# Task directions
Your output should repeat the entries below exactly. It should contain no images.

# Material provided
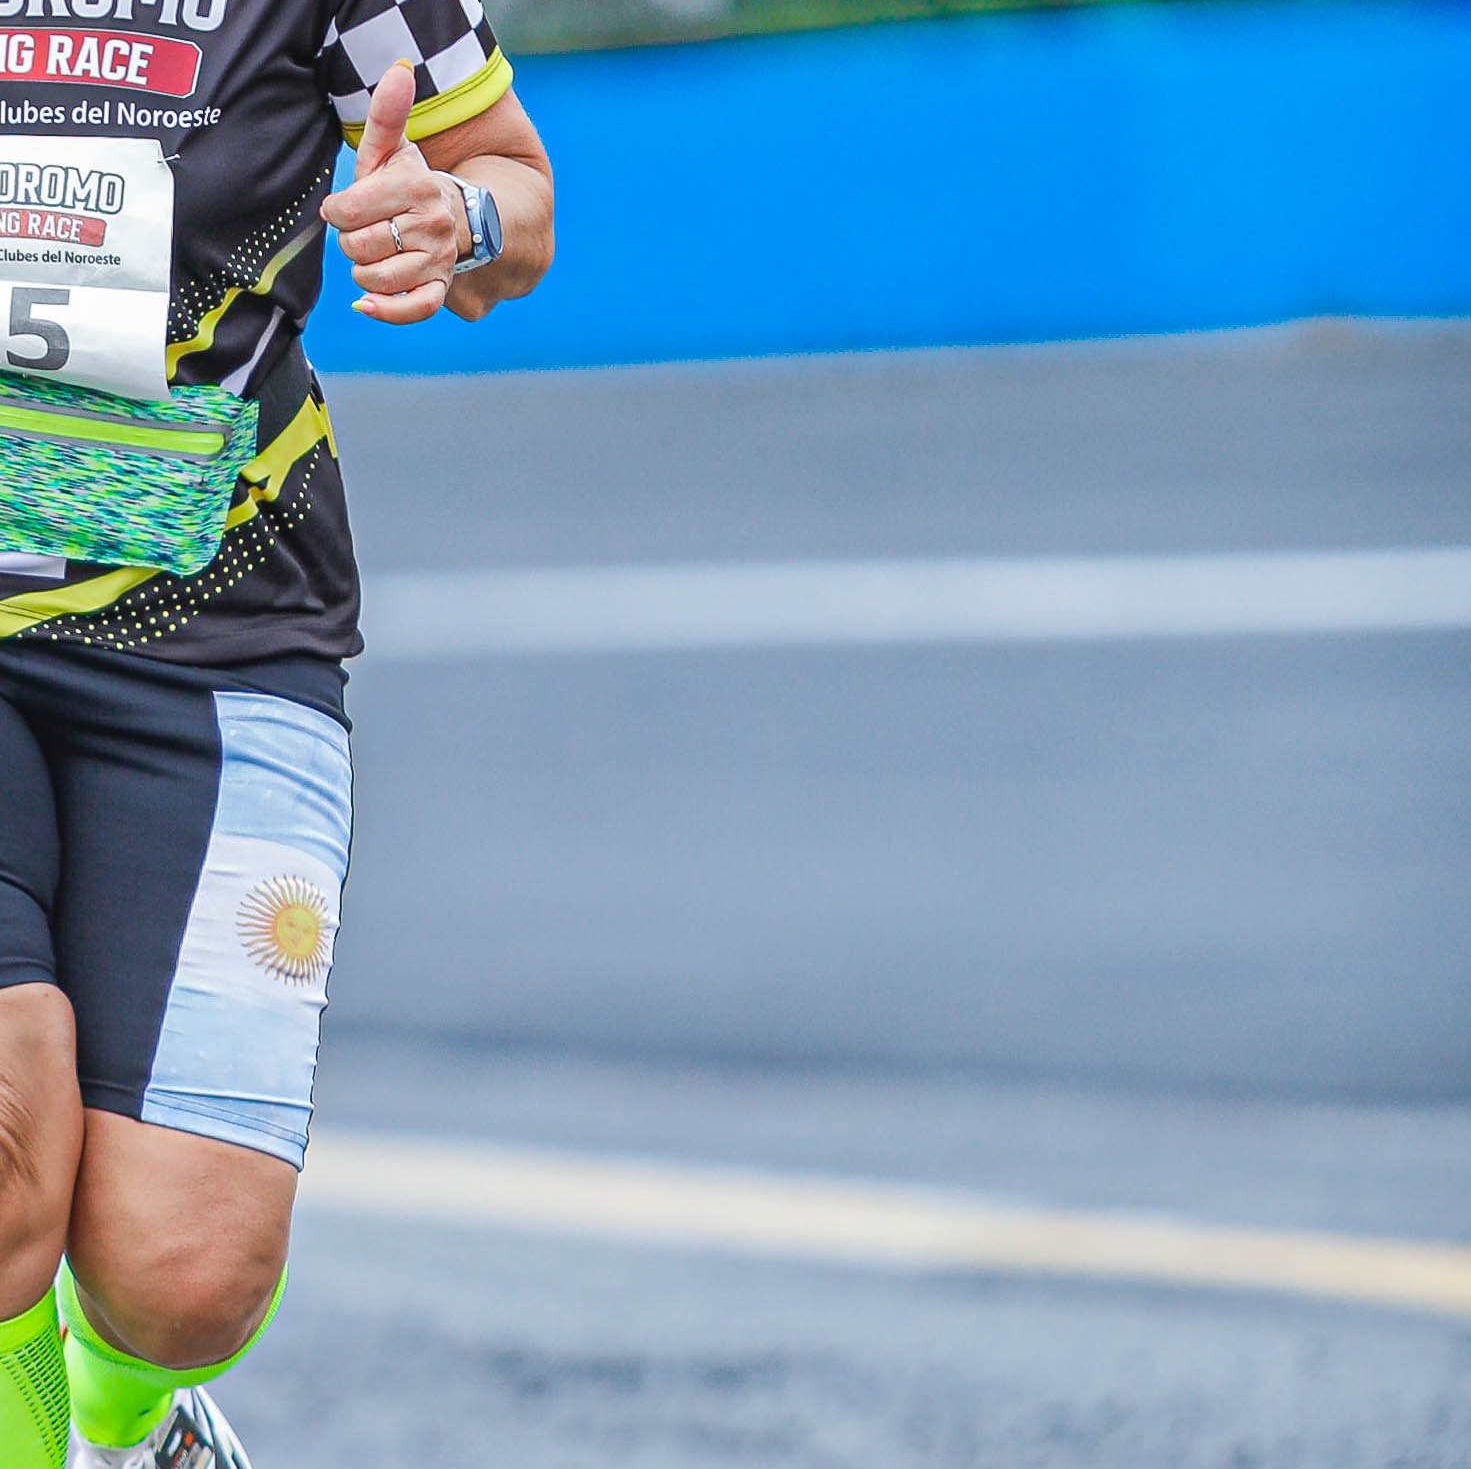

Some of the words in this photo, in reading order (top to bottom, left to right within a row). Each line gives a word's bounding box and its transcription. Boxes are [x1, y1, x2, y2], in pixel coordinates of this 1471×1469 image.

[45, 34, 155, 86] RACE
[71, 100, 110, 124] del
[117, 102, 222, 128] Noroeste
[28, 213, 83, 242] RACE
[42, 249, 62, 263] del
[65, 250, 121, 266] Noroeste
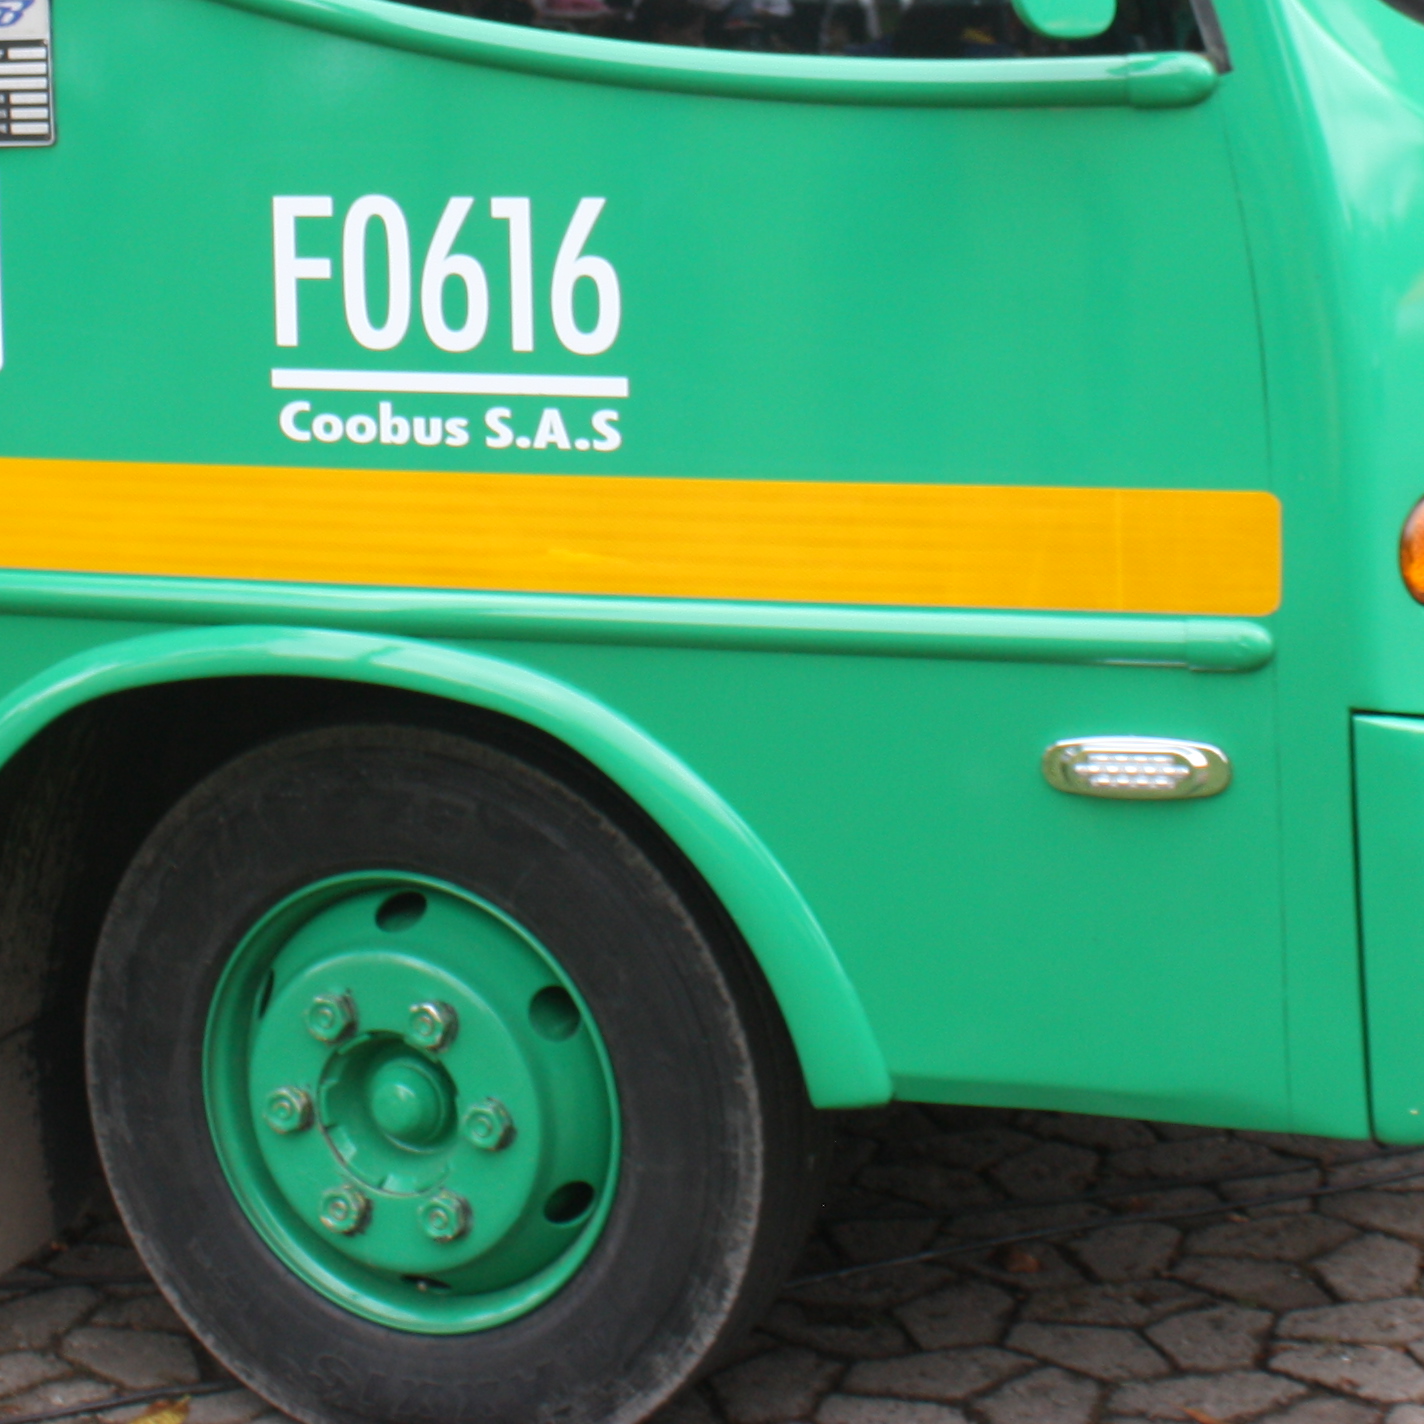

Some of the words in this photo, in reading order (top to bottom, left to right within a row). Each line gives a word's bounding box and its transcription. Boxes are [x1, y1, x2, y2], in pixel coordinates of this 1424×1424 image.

# Exercise answer
Some of the words in this photo, in reading order (top to bottom, left to right within a row). Each line gives a word's bounding box and its transcription. Boxes are [x1, y1, x2, y2], in pixel coordinates of this 1471×1469 image.

[45, 34, 155, 86] RACE
[71, 100, 110, 124] del
[117, 102, 222, 128] Noroeste
[28, 213, 83, 242] RACE
[42, 249, 62, 263] del
[65, 250, 121, 266] Noroeste

Some of the words in this photo, in reading order (top to bottom, left to right within a row). Each line gives a word's bounding box and its transcription. Boxes are [x1, y1, x2, y2], in pixel coordinates of this 1424×1424 image.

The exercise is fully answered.